Sunday, March 30, 2014
The Fun of Schizoanalysis
Just like last semester, I hated reading
and responding to Deleuze and Guattari. Not because of its difficulty—although that
didn’t help—but because of the frustration I feel when I constantly realize how
intelligent their analysis is.
I first created a post that rejected
their notion of language being only for translation and not communication (A Thousand Plateaus 430), by focusing on the
Pirahã people, whose language does not have (nor
need) numbers. Such a language, then, could only
be used for communication within the language; you couldn't successfully translate a large part of English into Pirahã
because it’s such a primitive language. But I realized that even though the two
languages clash with translation, translation is still the key to communicating through both languages. D&G are not wrong, then, because even a
language spoken by only a few hundred people is used for both communication and
translation, just the latter is apparent less frequently.

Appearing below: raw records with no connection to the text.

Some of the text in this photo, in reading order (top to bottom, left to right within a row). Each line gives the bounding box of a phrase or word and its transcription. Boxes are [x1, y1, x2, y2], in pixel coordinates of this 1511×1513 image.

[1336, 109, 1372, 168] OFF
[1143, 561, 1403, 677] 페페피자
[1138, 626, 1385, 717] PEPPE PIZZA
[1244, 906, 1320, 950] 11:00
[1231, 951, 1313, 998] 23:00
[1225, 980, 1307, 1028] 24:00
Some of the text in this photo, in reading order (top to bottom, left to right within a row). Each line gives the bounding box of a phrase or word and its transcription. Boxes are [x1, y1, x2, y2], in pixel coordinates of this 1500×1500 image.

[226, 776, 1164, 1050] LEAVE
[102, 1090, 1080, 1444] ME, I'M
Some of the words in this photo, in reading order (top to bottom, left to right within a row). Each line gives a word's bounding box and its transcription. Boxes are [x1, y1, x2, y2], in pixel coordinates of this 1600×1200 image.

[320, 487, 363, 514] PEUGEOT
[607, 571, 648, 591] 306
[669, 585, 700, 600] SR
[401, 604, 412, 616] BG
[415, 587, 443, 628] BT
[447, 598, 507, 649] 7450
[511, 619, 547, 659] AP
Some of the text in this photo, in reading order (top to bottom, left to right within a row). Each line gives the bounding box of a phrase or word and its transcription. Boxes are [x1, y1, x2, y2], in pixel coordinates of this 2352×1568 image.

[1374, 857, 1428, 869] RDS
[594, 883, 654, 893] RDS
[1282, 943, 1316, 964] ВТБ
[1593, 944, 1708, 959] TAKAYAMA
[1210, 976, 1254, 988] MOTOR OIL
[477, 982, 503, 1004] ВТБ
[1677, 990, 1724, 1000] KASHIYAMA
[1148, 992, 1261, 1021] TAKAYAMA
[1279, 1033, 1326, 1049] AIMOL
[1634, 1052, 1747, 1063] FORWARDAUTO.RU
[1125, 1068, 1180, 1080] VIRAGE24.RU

I also wrote a response based on D&G’s understanding of the limits of capitalism. On my
first read, I thought they departed quite severely from the kind of limit I
always thought inherent to capitalist expansion. Quoting Rosa Luxemburg’s Accumulation of Capital and Slavoj
Žižek’s Parallex View, I thought I
cornered D&G’s conception of limits to an understanding of capitalism that
ventures too far from capitalism's starting point. Rereading these passages closely,
though, I realized that they’re discussing the same immanent limit as Luxemburg—a
“natural economic impasse of capital’s own creating;” that, at a certain point,
“the conditions for the accumulation of capital…become the conditions for the
decline of capitalism” (Ch. 32)—and translating this idea into the language of
codes and flows. D&G’s treatment of these limits reflect the traditional
notions of an ever-expanding exterior limit (schizophrenia) that is never fully
reached (Anti-Oedipus 250), as well
as the Luxemburgian limit that “capitalism itself produces,” and which “it
never ceases to displace and enlarge” (Anti-Oedipus
256). What I thought contradicted with Žižek’s idea—that “if we take away
the [inherent contradiction of capitalism], the very potential thwarted by this
obstacle dissipate[s]” (266)—was D&G’s notion of a “displaced interior limit,” which creates the
opportunity for the Oedipal triangle and the rest of their schizoanalysis.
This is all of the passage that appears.